Analisi
Gec acquista azioni proprie 19 anni fa - lunedì 31 agosto 1998

GEC ACQUISTA AZIONI PROPRIE

GEC (421 pence circa), società produttrice di energia elettrica, acquisterà da qui al 6 ottobre azioni proprie mediante una complessa operazione. Non vi consigliamo di aderire all'offerta: dopo aver valutato la convenienza o meno a vendere i vostri diritti, comunicate al più presto (entro il 4 settembre) la vostra decisione alla vostra banca o sim.

Di cosa si tratta

Come anticipato l'operazione è molto articolata: la società acquisterà il 2% delle proprie azioni utilizzando dei put warrant (particolari strumenti finanziari che danno il diritto al possessore di vendere le azioni cui quei warrant si riferiscono). A tutti gli azionisti GEC verranno attribuiti put che permetteranno loro di vendere le azioni alla società.

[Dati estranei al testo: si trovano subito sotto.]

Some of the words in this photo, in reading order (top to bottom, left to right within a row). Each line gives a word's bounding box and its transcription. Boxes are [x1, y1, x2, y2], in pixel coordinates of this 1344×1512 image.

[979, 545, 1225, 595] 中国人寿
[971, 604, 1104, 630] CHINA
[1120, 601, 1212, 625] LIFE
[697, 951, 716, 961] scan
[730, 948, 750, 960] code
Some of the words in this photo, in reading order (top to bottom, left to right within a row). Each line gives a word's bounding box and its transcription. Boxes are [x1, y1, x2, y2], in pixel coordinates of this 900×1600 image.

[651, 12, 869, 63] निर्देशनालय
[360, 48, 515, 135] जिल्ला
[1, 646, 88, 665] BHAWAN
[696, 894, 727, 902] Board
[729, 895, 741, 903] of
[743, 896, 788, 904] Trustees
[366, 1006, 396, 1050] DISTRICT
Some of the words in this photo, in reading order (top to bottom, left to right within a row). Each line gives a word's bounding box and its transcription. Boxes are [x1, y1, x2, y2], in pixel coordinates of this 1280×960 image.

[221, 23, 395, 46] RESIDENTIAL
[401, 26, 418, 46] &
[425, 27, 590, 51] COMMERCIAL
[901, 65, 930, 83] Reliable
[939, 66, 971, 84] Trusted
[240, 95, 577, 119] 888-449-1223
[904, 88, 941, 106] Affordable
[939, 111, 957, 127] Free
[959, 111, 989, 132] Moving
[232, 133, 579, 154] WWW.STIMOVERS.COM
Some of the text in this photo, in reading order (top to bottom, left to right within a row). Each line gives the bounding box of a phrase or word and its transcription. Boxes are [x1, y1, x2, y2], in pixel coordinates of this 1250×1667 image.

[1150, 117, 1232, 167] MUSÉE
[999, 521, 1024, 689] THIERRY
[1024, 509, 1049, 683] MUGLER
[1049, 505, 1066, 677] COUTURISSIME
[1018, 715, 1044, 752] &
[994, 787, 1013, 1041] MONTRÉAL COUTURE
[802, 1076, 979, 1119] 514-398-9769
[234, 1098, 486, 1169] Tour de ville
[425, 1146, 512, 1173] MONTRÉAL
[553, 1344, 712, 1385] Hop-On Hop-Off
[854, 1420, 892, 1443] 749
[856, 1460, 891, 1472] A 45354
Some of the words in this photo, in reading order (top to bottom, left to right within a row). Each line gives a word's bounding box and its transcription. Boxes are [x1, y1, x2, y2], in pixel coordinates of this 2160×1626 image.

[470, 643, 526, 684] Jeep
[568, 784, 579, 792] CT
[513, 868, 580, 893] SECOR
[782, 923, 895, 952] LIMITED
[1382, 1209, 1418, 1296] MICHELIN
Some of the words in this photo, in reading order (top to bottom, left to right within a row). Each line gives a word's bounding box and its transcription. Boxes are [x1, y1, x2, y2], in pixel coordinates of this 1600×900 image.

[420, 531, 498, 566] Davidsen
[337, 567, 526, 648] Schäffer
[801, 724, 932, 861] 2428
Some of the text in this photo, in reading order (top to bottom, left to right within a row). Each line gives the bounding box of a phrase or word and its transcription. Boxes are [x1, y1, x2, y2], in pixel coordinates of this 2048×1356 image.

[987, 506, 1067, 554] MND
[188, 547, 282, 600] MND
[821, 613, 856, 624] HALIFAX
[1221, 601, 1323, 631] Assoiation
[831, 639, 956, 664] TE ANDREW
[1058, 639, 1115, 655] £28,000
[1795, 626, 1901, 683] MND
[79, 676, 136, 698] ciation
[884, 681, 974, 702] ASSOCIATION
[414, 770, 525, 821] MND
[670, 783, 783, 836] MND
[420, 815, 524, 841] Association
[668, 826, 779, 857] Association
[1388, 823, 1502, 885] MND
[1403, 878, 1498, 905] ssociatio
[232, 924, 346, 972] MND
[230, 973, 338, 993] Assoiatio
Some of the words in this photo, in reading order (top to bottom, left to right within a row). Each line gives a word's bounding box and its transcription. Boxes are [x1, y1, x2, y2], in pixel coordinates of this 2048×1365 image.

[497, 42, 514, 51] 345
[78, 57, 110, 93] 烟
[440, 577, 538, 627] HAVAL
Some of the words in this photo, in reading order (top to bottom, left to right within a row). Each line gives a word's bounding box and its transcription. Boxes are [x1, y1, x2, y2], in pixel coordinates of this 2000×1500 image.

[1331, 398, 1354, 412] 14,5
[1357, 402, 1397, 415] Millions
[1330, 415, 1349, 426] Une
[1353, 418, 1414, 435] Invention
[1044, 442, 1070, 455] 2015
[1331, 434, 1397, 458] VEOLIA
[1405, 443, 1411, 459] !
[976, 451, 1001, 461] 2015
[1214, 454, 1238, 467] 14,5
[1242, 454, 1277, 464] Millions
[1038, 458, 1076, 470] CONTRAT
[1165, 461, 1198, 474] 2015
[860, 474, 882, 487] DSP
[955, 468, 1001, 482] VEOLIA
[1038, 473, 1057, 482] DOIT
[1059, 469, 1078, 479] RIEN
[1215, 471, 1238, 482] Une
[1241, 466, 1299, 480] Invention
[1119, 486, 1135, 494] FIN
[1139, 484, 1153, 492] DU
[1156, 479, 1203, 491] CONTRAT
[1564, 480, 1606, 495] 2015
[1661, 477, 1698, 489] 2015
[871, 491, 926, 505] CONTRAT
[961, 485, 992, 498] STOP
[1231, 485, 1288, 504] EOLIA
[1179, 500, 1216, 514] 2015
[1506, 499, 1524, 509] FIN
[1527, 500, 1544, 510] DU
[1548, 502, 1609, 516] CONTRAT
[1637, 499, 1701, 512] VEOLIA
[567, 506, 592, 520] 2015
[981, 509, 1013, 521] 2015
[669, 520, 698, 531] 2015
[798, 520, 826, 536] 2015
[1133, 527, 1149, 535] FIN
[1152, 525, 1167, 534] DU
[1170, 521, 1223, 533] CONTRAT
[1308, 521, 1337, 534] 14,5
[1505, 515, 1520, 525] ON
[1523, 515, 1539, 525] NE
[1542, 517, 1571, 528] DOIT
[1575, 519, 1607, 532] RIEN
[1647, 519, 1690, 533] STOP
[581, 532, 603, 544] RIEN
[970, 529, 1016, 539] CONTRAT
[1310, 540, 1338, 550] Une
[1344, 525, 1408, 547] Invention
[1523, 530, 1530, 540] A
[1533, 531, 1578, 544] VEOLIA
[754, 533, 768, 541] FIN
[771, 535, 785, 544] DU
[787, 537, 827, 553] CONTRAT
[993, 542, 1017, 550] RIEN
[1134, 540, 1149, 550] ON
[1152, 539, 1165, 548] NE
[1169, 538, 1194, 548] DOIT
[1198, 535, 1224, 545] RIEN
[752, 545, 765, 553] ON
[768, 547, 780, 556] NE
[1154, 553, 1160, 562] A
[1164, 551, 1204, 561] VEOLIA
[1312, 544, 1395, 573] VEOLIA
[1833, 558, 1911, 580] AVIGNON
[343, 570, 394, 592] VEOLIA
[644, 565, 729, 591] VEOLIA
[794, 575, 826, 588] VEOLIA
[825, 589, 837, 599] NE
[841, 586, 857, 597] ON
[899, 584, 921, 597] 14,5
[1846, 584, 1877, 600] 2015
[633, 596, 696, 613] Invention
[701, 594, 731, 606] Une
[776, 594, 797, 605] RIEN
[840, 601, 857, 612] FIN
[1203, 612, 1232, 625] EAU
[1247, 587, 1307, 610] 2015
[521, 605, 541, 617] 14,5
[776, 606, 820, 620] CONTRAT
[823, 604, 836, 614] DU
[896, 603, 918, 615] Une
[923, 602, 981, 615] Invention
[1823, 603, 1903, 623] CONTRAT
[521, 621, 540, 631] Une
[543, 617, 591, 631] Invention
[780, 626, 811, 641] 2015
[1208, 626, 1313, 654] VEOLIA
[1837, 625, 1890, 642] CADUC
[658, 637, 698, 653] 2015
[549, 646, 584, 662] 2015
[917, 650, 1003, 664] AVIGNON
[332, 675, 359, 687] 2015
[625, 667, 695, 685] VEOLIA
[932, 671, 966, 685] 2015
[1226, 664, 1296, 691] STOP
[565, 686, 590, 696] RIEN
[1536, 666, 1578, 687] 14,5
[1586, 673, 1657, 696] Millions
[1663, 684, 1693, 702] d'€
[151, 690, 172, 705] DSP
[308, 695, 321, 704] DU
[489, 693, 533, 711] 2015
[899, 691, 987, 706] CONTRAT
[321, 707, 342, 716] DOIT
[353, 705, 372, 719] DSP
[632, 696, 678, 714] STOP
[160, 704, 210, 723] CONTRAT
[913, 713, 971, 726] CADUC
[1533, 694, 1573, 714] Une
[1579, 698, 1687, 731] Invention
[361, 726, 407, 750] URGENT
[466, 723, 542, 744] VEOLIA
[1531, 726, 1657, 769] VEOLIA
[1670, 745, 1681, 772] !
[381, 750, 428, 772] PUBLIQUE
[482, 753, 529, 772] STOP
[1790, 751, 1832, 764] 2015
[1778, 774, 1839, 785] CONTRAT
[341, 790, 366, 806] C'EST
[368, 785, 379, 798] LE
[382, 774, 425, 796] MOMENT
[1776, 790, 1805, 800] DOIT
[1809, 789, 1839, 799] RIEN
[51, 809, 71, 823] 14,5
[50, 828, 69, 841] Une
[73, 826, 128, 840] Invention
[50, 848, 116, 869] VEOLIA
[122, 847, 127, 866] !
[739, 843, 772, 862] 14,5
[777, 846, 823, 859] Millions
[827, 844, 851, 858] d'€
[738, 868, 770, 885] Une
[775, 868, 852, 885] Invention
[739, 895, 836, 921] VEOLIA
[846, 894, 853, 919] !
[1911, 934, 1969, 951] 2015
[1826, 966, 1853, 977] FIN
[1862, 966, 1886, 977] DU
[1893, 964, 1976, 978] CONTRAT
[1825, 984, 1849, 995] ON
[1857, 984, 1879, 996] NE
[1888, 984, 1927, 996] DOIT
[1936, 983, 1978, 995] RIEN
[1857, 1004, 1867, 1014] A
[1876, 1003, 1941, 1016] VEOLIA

Tale diritto, del valore di 125 pence (3.600 lire circa), viene concesso ogni 50 azioni possedute. Nello stesso tempo però il dividendo passerà da 13,15 pence a 11,43 pence per azione.

Cosa fare

L'operazione è strutturata in modo tale che con tutta probabilità il prezzo a cui gli azionisti che aderiscono all'offerta dovranno vendere le proprie azioni, sarà più basso di quello di mercato ad operazione conclusa. Quando una società acquista azioni proprie infatti, il titolo diventa più appetibile (e il prezzo sale) visto che gli utili che saranno distribuiti in seguito verranno divisi per un numero minore di azioni, con esclusione delle azioni acquistate della società stessa.
Il nostro consiglio quindi, è di non aderire all'offerta e di impartire al proprio intermediario il prima possibile (entro il 4 settembre) l'ordine di vendere il diritto nella Borsa di Londra.
Attenzione però, per evitare che i costi di vendita risultino essere più alti degli introiti derivanti dalla vendita, chiedete in banca l'ammontare delle commissioni. Tenendo conto, poi, del numero di put che potete vendere (uno ogni 50 azioni) a circa 3.600 lire l'uno e quindi dell'introito lordo che presumibilmente incasserete, potrete valutare se la vendita è conveniente oppure no. Nel caso in cui non fosse conveniente, dite al vostro intermediario di lasciarli scadere e non venderli.